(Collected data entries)
=======
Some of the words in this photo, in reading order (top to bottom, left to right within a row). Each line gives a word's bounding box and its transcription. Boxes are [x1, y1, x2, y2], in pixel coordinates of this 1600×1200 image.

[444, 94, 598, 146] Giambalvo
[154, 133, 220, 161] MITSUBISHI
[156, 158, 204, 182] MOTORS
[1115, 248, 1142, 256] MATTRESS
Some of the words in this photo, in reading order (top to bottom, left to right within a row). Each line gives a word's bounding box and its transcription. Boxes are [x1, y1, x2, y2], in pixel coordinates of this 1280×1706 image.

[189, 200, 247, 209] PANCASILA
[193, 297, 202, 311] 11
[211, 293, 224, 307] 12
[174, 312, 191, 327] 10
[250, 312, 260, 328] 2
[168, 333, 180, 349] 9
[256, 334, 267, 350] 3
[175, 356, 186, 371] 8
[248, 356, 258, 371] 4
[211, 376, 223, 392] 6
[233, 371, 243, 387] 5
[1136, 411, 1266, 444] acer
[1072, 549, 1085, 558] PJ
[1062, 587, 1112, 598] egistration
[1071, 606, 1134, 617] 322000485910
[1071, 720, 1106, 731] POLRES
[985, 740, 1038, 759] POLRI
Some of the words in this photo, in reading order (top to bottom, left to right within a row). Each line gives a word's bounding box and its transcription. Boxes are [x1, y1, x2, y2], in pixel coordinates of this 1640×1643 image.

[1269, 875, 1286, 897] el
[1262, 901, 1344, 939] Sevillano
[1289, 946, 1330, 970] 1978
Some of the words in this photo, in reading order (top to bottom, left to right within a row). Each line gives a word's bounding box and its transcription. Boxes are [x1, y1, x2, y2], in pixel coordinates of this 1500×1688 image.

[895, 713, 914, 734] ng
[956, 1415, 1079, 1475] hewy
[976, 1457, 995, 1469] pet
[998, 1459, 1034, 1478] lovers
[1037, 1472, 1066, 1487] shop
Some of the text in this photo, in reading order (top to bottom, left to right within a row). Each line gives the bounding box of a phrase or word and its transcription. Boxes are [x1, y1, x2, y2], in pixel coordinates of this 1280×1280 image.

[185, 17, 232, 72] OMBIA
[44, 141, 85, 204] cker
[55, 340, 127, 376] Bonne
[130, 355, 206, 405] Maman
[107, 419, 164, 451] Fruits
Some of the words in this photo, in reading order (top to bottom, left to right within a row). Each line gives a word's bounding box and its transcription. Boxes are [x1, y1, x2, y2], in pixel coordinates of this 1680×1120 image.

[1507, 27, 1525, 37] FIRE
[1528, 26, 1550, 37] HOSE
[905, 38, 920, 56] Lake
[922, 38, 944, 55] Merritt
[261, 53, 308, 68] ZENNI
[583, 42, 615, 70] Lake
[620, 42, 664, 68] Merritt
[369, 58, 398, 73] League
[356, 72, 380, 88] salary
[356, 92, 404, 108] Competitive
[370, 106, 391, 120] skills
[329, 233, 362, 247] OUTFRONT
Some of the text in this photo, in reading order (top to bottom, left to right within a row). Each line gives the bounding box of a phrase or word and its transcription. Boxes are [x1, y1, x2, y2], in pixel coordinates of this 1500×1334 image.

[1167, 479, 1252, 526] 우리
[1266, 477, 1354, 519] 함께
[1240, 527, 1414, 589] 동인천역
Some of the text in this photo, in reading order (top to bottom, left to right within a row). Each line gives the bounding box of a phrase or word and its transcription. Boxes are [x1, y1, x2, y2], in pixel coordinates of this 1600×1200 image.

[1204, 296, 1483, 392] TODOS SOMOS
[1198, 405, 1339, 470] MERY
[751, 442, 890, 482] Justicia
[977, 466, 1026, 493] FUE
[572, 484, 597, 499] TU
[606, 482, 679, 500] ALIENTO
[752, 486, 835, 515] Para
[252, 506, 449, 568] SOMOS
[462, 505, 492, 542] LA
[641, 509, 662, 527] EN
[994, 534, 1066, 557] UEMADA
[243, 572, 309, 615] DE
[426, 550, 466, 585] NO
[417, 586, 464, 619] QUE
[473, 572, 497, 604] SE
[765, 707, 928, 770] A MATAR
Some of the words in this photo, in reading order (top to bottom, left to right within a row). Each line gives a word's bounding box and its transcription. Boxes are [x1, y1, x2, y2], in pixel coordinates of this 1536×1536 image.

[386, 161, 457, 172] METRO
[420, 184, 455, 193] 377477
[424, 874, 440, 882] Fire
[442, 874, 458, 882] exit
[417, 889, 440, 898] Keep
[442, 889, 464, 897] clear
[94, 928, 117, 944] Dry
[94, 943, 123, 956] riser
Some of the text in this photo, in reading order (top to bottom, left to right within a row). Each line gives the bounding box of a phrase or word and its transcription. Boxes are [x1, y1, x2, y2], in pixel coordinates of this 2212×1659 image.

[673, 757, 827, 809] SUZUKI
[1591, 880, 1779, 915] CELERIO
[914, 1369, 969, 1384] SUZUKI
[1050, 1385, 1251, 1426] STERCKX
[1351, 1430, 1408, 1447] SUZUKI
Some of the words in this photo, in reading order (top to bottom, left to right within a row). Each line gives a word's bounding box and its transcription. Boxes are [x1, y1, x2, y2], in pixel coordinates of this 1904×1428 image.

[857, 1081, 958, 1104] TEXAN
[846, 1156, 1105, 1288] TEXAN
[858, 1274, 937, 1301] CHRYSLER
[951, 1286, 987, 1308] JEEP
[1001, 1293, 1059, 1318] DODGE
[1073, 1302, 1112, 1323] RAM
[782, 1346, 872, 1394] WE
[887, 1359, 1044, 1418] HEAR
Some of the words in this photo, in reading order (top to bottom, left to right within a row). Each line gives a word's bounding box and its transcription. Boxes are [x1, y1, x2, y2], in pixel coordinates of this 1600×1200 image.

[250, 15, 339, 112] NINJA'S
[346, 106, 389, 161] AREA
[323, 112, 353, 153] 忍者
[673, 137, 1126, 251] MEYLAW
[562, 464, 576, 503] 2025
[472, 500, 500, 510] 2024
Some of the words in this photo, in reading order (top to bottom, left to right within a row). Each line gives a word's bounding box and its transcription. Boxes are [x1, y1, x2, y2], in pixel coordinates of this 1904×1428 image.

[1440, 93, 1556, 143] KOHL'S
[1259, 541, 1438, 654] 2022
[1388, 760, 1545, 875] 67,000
=======
WORK TO COMPLETE — Restate every entry above exactly as it stands.

ANSWER TO THE EXERCISE —
Some of the words in this photo, in reading order (top to bottom, left to right within a row). Each line gives a word's bounding box and its transcription. Boxes are [x1, y1, x2, y2], in pixel coordinates of this 1600×1200 image.

[444, 94, 598, 146] Giambalvo
[154, 133, 220, 161] MITSUBISHI
[156, 158, 204, 182] MOTORS
[1115, 248, 1142, 256] MATTRESS
Some of the words in this photo, in reading order (top to bottom, left to right within a row). Each line gives a word's bounding box and its transcription. Boxes are [x1, y1, x2, y2], in pixel coordinates of this 1280×1706 image.

[189, 200, 247, 209] PANCASILA
[193, 297, 202, 311] 11
[211, 293, 224, 307] 12
[174, 312, 191, 327] 10
[250, 312, 260, 328] 2
[168, 333, 180, 349] 9
[256, 334, 267, 350] 3
[175, 356, 186, 371] 8
[248, 356, 258, 371] 4
[211, 376, 223, 392] 6
[233, 371, 243, 387] 5
[1136, 411, 1266, 444] acer
[1072, 549, 1085, 558] PJ
[1062, 587, 1112, 598] egistration
[1071, 606, 1134, 617] 322000485910
[1071, 720, 1106, 731] POLRES
[985, 740, 1038, 759] POLRI
Some of the words in this photo, in reading order (top to bottom, left to right within a row). Each line gives a word's bounding box and its transcription. Boxes are [x1, y1, x2, y2], in pixel coordinates of this 1640×1643 image.

[1269, 875, 1286, 897] el
[1262, 901, 1344, 939] Sevillano
[1289, 946, 1330, 970] 1978
Some of the words in this photo, in reading order (top to bottom, left to right within a row). Each line gives a word's bounding box and its transcription. Boxes are [x1, y1, x2, y2], in pixel coordinates of this 1500×1688 image.

[895, 713, 914, 734] ng
[956, 1415, 1079, 1475] hewy
[976, 1457, 995, 1469] pet
[998, 1459, 1034, 1478] lovers
[1037, 1472, 1066, 1487] shop
Some of the text in this photo, in reading order (top to bottom, left to right within a row). Each line gives the bounding box of a phrase or word and its transcription. Boxes are [x1, y1, x2, y2], in pixel coordinates of this 1280×1280 image.

[185, 17, 232, 72] OMBIA
[44, 141, 85, 204] cker
[55, 340, 127, 376] Bonne
[130, 355, 206, 405] Maman
[107, 419, 164, 451] Fruits
Some of the words in this photo, in reading order (top to bottom, left to right within a row). Each line gives a word's bounding box and its transcription. Boxes are [x1, y1, x2, y2], in pixel coordinates of this 1680×1120 image.

[1507, 27, 1525, 37] FIRE
[1528, 26, 1550, 37] HOSE
[905, 38, 920, 56] Lake
[922, 38, 944, 55] Merritt
[261, 53, 308, 68] ZENNI
[583, 42, 615, 70] Lake
[620, 42, 664, 68] Merritt
[369, 58, 398, 73] League
[356, 72, 380, 88] salary
[356, 92, 404, 108] Competitive
[370, 106, 391, 120] skills
[329, 233, 362, 247] OUTFRONT
Some of the text in this photo, in reading order (top to bottom, left to right within a row). Each line gives the bounding box of a phrase or word and its transcription. Boxes are [x1, y1, x2, y2], in pixel coordinates of this 1500×1334 image.

[1167, 479, 1252, 526] 우리
[1266, 477, 1354, 519] 함께
[1240, 527, 1414, 589] 동인천역
Some of the text in this photo, in reading order (top to bottom, left to right within a row). Each line gives the bounding box of a phrase or word and its transcription. Boxes are [x1, y1, x2, y2], in pixel coordinates of this 1600×1200 image.

[1204, 296, 1483, 392] TODOS SOMOS
[1198, 405, 1339, 470] MERY
[751, 442, 890, 482] Justicia
[977, 466, 1026, 493] FUE
[572, 484, 597, 499] TU
[606, 482, 679, 500] ALIENTO
[752, 486, 835, 515] Para
[252, 506, 449, 568] SOMOS
[462, 505, 492, 542] LA
[641, 509, 662, 527] EN
[994, 534, 1066, 557] UEMADA
[243, 572, 309, 615] DE
[426, 550, 466, 585] NO
[417, 586, 464, 619] QUE
[473, 572, 497, 604] SE
[765, 707, 928, 770] A MATAR
Some of the words in this photo, in reading order (top to bottom, left to right within a row). Each line gives a word's bounding box and its transcription. Boxes are [x1, y1, x2, y2], in pixel coordinates of this 1536×1536 image.

[386, 161, 457, 172] METRO
[420, 184, 455, 193] 377477
[424, 874, 440, 882] Fire
[442, 874, 458, 882] exit
[417, 889, 440, 898] Keep
[442, 889, 464, 897] clear
[94, 928, 117, 944] Dry
[94, 943, 123, 956] riser
Some of the text in this photo, in reading order (top to bottom, left to right within a row). Each line gives the bounding box of a phrase or word and its transcription. Boxes are [x1, y1, x2, y2], in pixel coordinates of this 2212×1659 image.

[673, 757, 827, 809] SUZUKI
[1591, 880, 1779, 915] CELERIO
[914, 1369, 969, 1384] SUZUKI
[1050, 1385, 1251, 1426] STERCKX
[1351, 1430, 1408, 1447] SUZUKI
Some of the words in this photo, in reading order (top to bottom, left to right within a row). Each line gives a word's bounding box and its transcription. Boxes are [x1, y1, x2, y2], in pixel coordinates of this 1904×1428 image.

[857, 1081, 958, 1104] TEXAN
[846, 1156, 1105, 1288] TEXAN
[858, 1274, 937, 1301] CHRYSLER
[951, 1286, 987, 1308] JEEP
[1001, 1293, 1059, 1318] DODGE
[1073, 1302, 1112, 1323] RAM
[782, 1346, 872, 1394] WE
[887, 1359, 1044, 1418] HEAR
Some of the words in this photo, in reading order (top to bottom, left to right within a row). Each line gives a word's bounding box and its transcription. Boxes are [x1, y1, x2, y2], in pixel coordinates of this 1600×1200 image.

[250, 15, 339, 112] NINJA'S
[346, 106, 389, 161] AREA
[323, 112, 353, 153] 忍者
[673, 137, 1126, 251] MEYLAW
[562, 464, 576, 503] 2025
[472, 500, 500, 510] 2024
Some of the words in this photo, in reading order (top to bottom, left to right within a row). Each line gives a word's bounding box and its transcription. Boxes are [x1, y1, x2, y2], in pixel coordinates of this 1904×1428 image.

[1440, 93, 1556, 143] KOHL'S
[1259, 541, 1438, 654] 2022
[1388, 760, 1545, 875] 67,000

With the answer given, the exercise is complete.